**Exercise**
The answer must be the data, repeated exactly.

**Data for review**
**********

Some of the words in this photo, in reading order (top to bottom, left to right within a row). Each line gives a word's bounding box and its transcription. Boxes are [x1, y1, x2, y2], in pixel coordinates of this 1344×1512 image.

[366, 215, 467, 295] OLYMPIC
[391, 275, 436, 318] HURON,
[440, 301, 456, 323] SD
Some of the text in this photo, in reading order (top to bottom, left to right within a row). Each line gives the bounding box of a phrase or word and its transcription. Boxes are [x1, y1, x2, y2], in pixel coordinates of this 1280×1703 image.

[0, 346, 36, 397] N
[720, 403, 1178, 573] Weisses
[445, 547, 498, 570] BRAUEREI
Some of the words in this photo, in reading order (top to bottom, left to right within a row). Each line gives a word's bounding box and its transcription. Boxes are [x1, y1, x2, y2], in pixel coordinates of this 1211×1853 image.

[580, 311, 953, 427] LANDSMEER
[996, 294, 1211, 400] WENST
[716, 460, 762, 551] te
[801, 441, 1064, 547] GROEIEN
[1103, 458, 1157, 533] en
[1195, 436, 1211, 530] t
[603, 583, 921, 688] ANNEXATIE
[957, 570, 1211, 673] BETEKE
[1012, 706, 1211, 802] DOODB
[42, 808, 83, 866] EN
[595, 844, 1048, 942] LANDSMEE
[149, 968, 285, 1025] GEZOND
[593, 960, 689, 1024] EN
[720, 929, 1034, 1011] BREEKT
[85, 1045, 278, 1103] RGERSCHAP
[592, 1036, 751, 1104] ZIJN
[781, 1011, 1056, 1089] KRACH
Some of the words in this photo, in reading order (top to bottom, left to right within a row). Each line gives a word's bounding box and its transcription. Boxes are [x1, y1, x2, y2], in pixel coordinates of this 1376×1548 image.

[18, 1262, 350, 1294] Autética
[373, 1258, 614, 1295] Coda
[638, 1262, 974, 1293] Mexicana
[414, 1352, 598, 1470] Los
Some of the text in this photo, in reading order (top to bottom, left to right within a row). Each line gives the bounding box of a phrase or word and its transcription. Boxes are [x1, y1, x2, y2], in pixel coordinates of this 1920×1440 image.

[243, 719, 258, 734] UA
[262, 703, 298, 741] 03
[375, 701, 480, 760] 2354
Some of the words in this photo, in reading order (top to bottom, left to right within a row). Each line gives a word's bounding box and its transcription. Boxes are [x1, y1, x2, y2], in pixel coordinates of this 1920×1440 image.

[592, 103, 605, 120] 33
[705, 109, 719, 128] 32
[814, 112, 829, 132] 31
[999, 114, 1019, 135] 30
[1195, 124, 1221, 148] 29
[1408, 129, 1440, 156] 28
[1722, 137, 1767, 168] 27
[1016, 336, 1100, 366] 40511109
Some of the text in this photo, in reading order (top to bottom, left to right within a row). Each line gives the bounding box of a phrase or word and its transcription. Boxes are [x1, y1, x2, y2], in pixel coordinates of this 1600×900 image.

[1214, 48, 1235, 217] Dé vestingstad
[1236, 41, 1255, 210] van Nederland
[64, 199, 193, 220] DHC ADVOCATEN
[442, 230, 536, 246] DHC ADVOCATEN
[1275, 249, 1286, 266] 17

**********

**Answer**
Some of the words in this photo, in reading order (top to bottom, left to right within a row). Each line gives a word's bounding box and its transcription. Boxes are [x1, y1, x2, y2], in pixel coordinates of this 1344×1512 image.

[366, 215, 467, 295] OLYMPIC
[391, 275, 436, 318] HURON,
[440, 301, 456, 323] SD
Some of the text in this photo, in reading order (top to bottom, left to right within a row). Each line gives the bounding box of a phrase or word and its transcription. Boxes are [x1, y1, x2, y2], in pixel coordinates of this 1280×1703 image.

[0, 346, 36, 397] N
[720, 403, 1178, 573] Weisses
[445, 547, 498, 570] BRAUEREI
Some of the words in this photo, in reading order (top to bottom, left to right within a row). Each line gives a word's bounding box and its transcription. Boxes are [x1, y1, x2, y2], in pixel coordinates of this 1211×1853 image.

[580, 311, 953, 427] LANDSMEER
[996, 294, 1211, 400] WENST
[716, 460, 762, 551] te
[801, 441, 1064, 547] GROEIEN
[1103, 458, 1157, 533] en
[1195, 436, 1211, 530] t
[603, 583, 921, 688] ANNEXATIE
[957, 570, 1211, 673] BETEKE
[1012, 706, 1211, 802] DOODB
[42, 808, 83, 866] EN
[595, 844, 1048, 942] LANDSMEE
[149, 968, 285, 1025] GEZOND
[593, 960, 689, 1024] EN
[720, 929, 1034, 1011] BREEKT
[85, 1045, 278, 1103] RGERSCHAP
[592, 1036, 751, 1104] ZIJN
[781, 1011, 1056, 1089] KRACH
Some of the words in this photo, in reading order (top to bottom, left to right within a row). Each line gives a word's bounding box and its transcription. Boxes are [x1, y1, x2, y2], in pixel coordinates of this 1376×1548 image.

[18, 1262, 350, 1294] Autética
[373, 1258, 614, 1295] Coda
[638, 1262, 974, 1293] Mexicana
[414, 1352, 598, 1470] Los
Some of the text in this photo, in reading order (top to bottom, left to right within a row). Each line gives the bounding box of a phrase or word and its transcription. Boxes are [x1, y1, x2, y2], in pixel coordinates of this 1920×1440 image.

[243, 719, 258, 734] UA
[262, 703, 298, 741] 03
[375, 701, 480, 760] 2354
Some of the words in this photo, in reading order (top to bottom, left to right within a row). Each line gives a word's bounding box and its transcription. Boxes are [x1, y1, x2, y2], in pixel coordinates of this 1920×1440 image.

[592, 103, 605, 120] 33
[705, 109, 719, 128] 32
[814, 112, 829, 132] 31
[999, 114, 1019, 135] 30
[1195, 124, 1221, 148] 29
[1408, 129, 1440, 156] 28
[1722, 137, 1767, 168] 27
[1016, 336, 1100, 366] 40511109
Some of the text in this photo, in reading order (top to bottom, left to right within a row). Each line gives the bounding box of a phrase or word and its transcription. Boxes are [x1, y1, x2, y2], in pixel coordinates of this 1600×900 image.

[1214, 48, 1235, 217] Dé vestingstad
[1236, 41, 1255, 210] van Nederland
[64, 199, 193, 220] DHC ADVOCATEN
[442, 230, 536, 246] DHC ADVOCATEN
[1275, 249, 1286, 266] 17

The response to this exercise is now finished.